The Militia of Prince George County are all orderd to assemble at this Place by the Governor, which is at the extreme of their County.

If they had been orderd to Blands Ordinary, their Worck at Hoods could have been carried on, agreable to the Governor’s Proposition, and if they Ennemies should move higher up the River, as where they are at present, these Militia can allways be time enough at Petersburg for any Service requisit. Non of the Men have assembled yet, and as the men now properly are under Your Orders, You may easily order it, if it meets with Your Aprobation. The County Lieut. Coll. Call waits for your Orders for the purpose.

By Intelligence Genl Muhlenberg with his Troops has arrived to Day at Cabbin Point, and I am told is to march to Prince Georg Courthouse, which will be in my humble Opinion not a good position, but if Hoods were finished, the Place would be very good for Stores. As long the Ennemy should not move higher up the River, then Burwells-Ferry, the best Situation for Genl. Muhlenberg would be at Cabbin point, and should the Ennemy move up, the Second may’d be to Blands-Ordinary and so to Petersburg.
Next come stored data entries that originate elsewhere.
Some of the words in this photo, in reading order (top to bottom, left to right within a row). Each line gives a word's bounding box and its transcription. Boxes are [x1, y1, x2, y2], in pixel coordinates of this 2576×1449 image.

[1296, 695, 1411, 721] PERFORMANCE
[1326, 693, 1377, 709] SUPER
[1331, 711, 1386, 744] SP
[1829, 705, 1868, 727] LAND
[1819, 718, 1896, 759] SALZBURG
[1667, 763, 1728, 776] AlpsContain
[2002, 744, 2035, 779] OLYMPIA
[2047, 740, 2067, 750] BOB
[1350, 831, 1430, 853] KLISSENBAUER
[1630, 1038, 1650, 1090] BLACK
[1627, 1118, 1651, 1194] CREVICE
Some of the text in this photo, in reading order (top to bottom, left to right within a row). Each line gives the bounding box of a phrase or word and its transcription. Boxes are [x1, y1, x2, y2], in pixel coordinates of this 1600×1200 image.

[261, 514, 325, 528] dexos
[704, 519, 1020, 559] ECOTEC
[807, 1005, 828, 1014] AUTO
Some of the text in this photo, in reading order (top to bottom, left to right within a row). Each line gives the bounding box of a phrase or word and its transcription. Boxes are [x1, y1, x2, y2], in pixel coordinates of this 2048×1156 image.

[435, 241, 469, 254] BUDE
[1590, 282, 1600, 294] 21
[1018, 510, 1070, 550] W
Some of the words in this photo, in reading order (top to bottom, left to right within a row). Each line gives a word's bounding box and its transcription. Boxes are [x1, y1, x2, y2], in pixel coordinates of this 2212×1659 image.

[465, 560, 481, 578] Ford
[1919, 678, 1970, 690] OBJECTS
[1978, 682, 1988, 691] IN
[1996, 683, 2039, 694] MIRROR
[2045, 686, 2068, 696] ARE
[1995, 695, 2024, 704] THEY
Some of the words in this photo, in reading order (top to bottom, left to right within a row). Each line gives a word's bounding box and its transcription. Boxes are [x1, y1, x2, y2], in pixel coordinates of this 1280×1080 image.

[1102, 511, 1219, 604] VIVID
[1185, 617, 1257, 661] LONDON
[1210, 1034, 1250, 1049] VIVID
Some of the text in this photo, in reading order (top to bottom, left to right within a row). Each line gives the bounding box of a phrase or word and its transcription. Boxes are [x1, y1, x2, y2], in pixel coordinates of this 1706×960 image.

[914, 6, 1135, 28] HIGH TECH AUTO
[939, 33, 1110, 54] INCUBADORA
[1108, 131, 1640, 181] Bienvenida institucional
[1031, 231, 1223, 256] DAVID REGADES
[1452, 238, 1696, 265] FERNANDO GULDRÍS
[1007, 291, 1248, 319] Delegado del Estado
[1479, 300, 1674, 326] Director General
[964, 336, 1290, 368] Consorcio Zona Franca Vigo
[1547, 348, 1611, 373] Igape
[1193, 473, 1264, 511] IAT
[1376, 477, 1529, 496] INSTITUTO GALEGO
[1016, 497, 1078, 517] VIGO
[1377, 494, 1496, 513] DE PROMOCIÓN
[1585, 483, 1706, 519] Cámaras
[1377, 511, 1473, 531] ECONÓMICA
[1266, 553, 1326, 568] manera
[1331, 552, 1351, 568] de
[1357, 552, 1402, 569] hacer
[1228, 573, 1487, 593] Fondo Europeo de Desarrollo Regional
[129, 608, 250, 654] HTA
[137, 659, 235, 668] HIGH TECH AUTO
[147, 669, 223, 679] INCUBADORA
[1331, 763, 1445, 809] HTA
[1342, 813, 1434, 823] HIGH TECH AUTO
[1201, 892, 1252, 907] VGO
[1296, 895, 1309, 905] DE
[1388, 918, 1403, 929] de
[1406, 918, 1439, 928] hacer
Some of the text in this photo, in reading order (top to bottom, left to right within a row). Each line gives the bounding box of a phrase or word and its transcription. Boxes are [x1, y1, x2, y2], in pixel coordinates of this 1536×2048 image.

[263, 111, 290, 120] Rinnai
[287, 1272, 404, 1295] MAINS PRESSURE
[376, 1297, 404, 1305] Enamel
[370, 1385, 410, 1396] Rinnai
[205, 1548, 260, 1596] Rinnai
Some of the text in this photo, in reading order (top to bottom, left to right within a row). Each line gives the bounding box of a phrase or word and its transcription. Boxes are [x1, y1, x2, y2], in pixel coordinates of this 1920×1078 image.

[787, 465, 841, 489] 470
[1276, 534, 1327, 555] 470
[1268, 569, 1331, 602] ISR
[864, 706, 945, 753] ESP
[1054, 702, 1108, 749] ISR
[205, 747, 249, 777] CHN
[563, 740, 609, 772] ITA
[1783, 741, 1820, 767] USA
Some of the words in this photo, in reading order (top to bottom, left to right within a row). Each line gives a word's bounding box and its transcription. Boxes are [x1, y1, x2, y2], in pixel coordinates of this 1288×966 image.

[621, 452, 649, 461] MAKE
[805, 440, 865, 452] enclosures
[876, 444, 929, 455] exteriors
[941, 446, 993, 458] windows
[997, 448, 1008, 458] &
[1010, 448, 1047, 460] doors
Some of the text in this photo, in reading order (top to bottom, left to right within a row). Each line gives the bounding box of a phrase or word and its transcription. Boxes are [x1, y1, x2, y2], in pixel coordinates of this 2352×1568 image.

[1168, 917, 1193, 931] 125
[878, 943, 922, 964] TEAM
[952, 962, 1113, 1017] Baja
But should we succeed in putting the Worcks at Hoods in some Defence, a good Position will be at the Head of Warts Creeck.

Should they Ennemy move up the River, I think it will be necessary, to remove the Stores from Prince George Courthouse, if there are any, they may’d be in Danger.

I was told to Day at Hoods for Certain, that they Ennemy had landed some Foot at Burwells Bay Church, a little below McKays house. And that their Vessels were only twelve in Number, if so, they certainly can’t do much. Tomorrow I shall return again to Hoods and continue my Worck, if you have no further Orders for me; but should be happy to have, as soon it was convenient to You, an Answer about the Militia of Prince George, that I may’d inform the County Lieutenant of it, what to do, by which means no time will be lost.

I have the honour to be with the greatest Respect and Estime, Your most obedt and faithfull Servant

Senf Coll. Engineer

RC (NHi); endorsed.

If they had been ordered to blands ordinary: See Steuben to TJ, 21 Apr. 1781; on the same day Steuben wrote Muhlenberg that he had given orders for all of the militia on the south side of the James to rendezvous at Bland’s Ordinary and for all of those rendezvousing at Richmond to remain there or cross the river as circumstances might require. An express from the governor: TJ’s letter to Senf, which was written about the time that he wrote Col. Call on 18 Apr., q.v., has not been found, but it must have been very similar to the letter to Call.